A jury found Assemblyman Sheldon Silver — for years one of the most well-known and powerful legislators in Albany — guilty on all seven counts Monday afternoon. The 71-year-old Lower East Side Democrat was hit with federal corruption charges — including bribery, extortion, and money laundering — earlier this year after U.S. Attorney Preet Bharara accused him of obtaining “approximately $4 million in payments characterized as attorney referral fees solely through the corrupt use of his official position [as Speaker].”
Since state legislators work part-time in New York, Silver, who resigned from his position as Assembly Speaker after being arrested, had a side gig at the law firm Weitz & Luxenberg, where he was accused of accepting bribes involving a cancer researcher at Columbia. Prosecutors accused him of receiving money from another law firm, Goldberg & Iryami, after getting two major developers to use its services. During closing arguments, one prosecutor said that “Sheldon Silver was a master of every form of deception: lying, keeping secrets, even splitting hairs.”

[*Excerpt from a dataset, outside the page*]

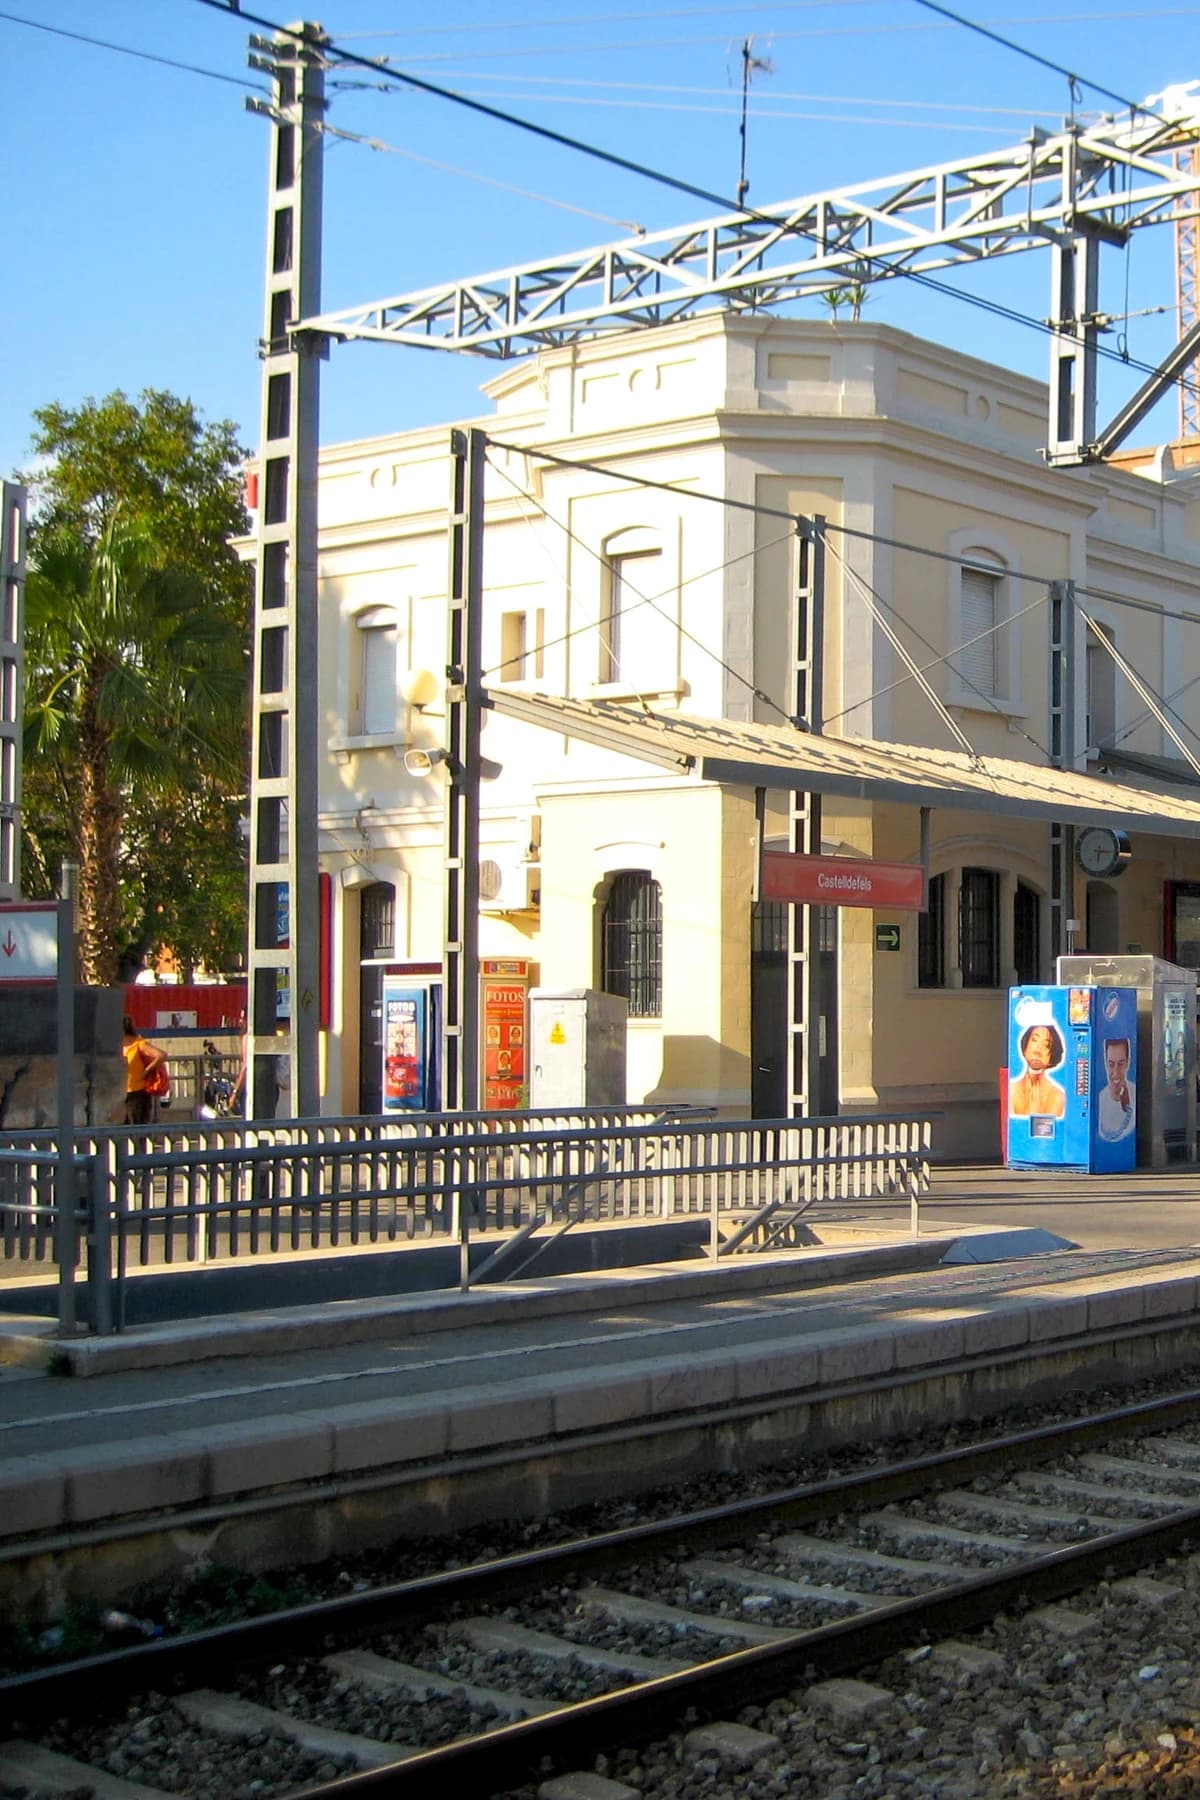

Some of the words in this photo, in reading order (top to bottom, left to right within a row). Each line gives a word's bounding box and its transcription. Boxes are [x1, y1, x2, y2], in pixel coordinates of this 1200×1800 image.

[817, 872, 872, 891] Castelldefels
[486, 991, 524, 1003] FOTOS
[388, 1002, 415, 1012] FOTOS

The defendant smiled often during the trial, telling reporters over and over again, “I believe I will be vindicated.” On Monday, NBC News says he listened to the verdict with “his head bowed slightly and a somber expression on his face.” Silver will no longer be allowed to serve in the Assembly, where he’s been since 1977. He faces up to 130 years in prison, according to CBS News. He is expected to appeal.
Bharara — who is on a major anti-corruption kick — also hit former State Senate Majority Leader Dean Skelos, and his son Adam, with federal corruption charges. That trial has yet to conclude. After the conclusion of Silver’s trial, he released a statement noting that “Today, Sheldon Silver got justice, and at long last, so did the people of New York.”
Newsday notes that Silver has “lasted through five governors and five State Senate leaders.” Back in January, New York Magazine’s Chris Smith said that Silver had “ruled half the state legislature for two decades; he’s wielded enormous power in state budget negotiations; he played a large role in keeping state government functional during the chaotic reign of Governor David Paterson.” In other words, his absence from the Assembly — and the fear his conviction might cause — could lead to some big changes in Albany.
The capitol seems to be starting by removing any sign that Silver was ever there.
No word yet on how the weary Silver jurors plan to celebrate the end of the trial.